# Adding additional fuel line for kicker to motor to feed off main tank



## Jbigz86

Any ideals or pics to add another fuel line to feel off of main gas tank in boat for my 2nd motor(kicker)


----------



## ohiojmj

Jbigz86 said:


> Any ideals or pics to add another fuel line to feel off of main gas tank in boat for my 2nd motor(kicker)


Brass T fitting and 3 stainless steel clamps from Home Depot and some gas line to the kicker. I hooked my kicker up with a T just past the bulb. This works for my Merc 90 Optimax and 9.9 4 stroke kicker combo and similar setup on Seaturd's boat. Some would run T before the bulb and add a second bulb. 

This topic has been discussed in past so you could search up more opinions, but not heard of a need to add a second tap off tank for any kicker addition.


----------



## Workdog

Do you have a fuel/water separator outside the main motor, between the motor and the fuel tank? If you don't it would be a good idea. On the fuel/water separator head there may be two output ports...one would have the fuel line going to your main motor. You can add a fuel line to the other (basically, screw out the plug, screw in a fuel barb, add a line with fuel bulb then a connector on the other end to connect to the kicker).


----------



## Jbigz86

Workdog and ohiojmj, thanks a lot that helped a lot ohiojmj I heard the T-fitting but does that take pressure away from main motor or can I add a cut off valve . Workdog that was a new but clever idea I thing that is probaly going to be my best way. Just don't wont to tote around a Seperate tank for my kicker. And ideas or pics of set up please let me know


----------



## BigDaddy300

Jbigz86 said:


> Any ideals or pics to add another fuel line to feel off of main gas tank in boat for my 2nd motor(kicker)
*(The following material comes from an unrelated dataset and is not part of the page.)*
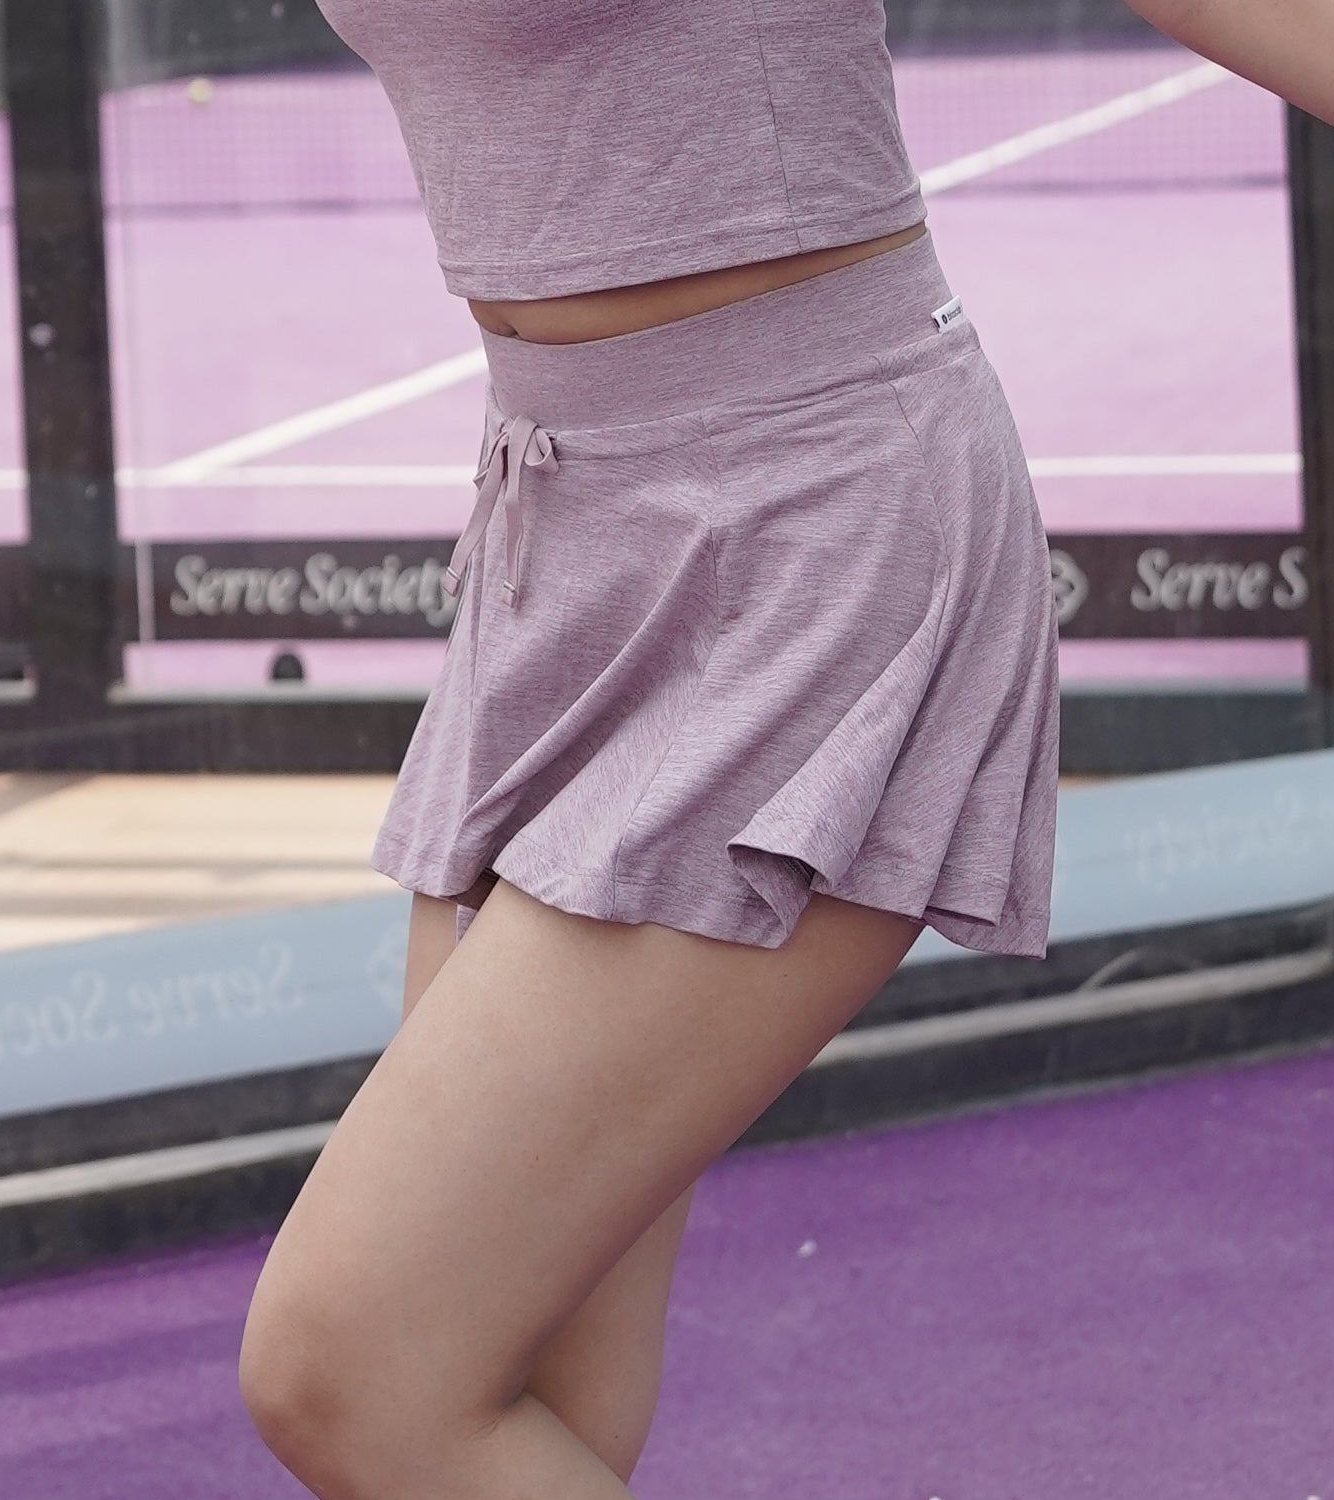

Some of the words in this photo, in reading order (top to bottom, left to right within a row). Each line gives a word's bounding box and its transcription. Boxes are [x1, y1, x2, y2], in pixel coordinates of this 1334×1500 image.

[170, 553, 302, 617] Serve
[299, 551, 460, 628] Society
[1131, 547, 1266, 613] Serve
Are these 4 stroke motors?

lund 1775 pro v se


----------



## Jbigz86

Yes they are 4stroke


----------



## Workdog

Jbigz,
The pic below shows the RACOR fuel/water separator setup on my boat. I have twin Merc 150s, that obviously both run at the same time, so, two RACORs. The head units are standard Mercury Marine head units (as of 1989). The RACOR filter canisters are model S3213 to fit the Merc head units(the clear plastic bowl below the RACOR filter can is reusable and has a drain to tap off any water that might be collected in the bowl). It's hard to see, but, on each head unit there is an in and out port on each side of the head unit. In my case, I'm using the inlet on the left side of the head unit and the outlet on the right side. If I was to put in an extra line for a kicker I would unscrew the outlet plug on the left side of the unit, screw in the hose barb there, and attach the fuel line with primer bulb onto that hose barb.

To explain how my fuel lines are set up: the fuel lines from the fuel tank run under the deck to the battery compartment in the back port corner of the boat into two fuel shutoff valves. On the other end of each fuel shutoff valve comes one fuel line each, which comes out of the battery compartment and up into a RACOR. From each RACOR, a fuel line goes back into the battery compartment into a Lowrance EP60 fuel flow meter. From each of the two fuel flow meters a fuel line comes back into the motor well and into a gray fuel line with primer bulb then into each motor. 

With one main motor, you would have one RACOR, with one fuel line from your fuel tank/shutoff valve into the RACOR, and two fuel lines out of the RACOR (one to the main engine and one to the kicker). Should be a relatively easy setup. This assumes an outboard for the main motor. If someone tries this with an I/O there will be some differences in the setup.


----------



## Jbigz86

Workdog, I think I have a good idea how to go about at it. I assume you would rec a racor. On my last bout I don't remember brand but this is what the boat shop installed. Also looking at the pic I posted I would install another barb into the outlet and at the end of barb is where I connect my fuel hose to kicker to I hope that is it right ? Let me know


----------



## Workdog

RACOR is just the filter can and the reusable see-thru bowl under the can. You can use a RACOR filter on an existing fuel/water separator head. Just make sure you buy a compatible RACOR filter. I like RACOR because it's 10 micron filtering capability is better than your standard Sierra can filter. Also, you can see if there is water in the bowl, and drain it off if you wish with the valve on the plastic bowl. This you cannot do with a solid can filter.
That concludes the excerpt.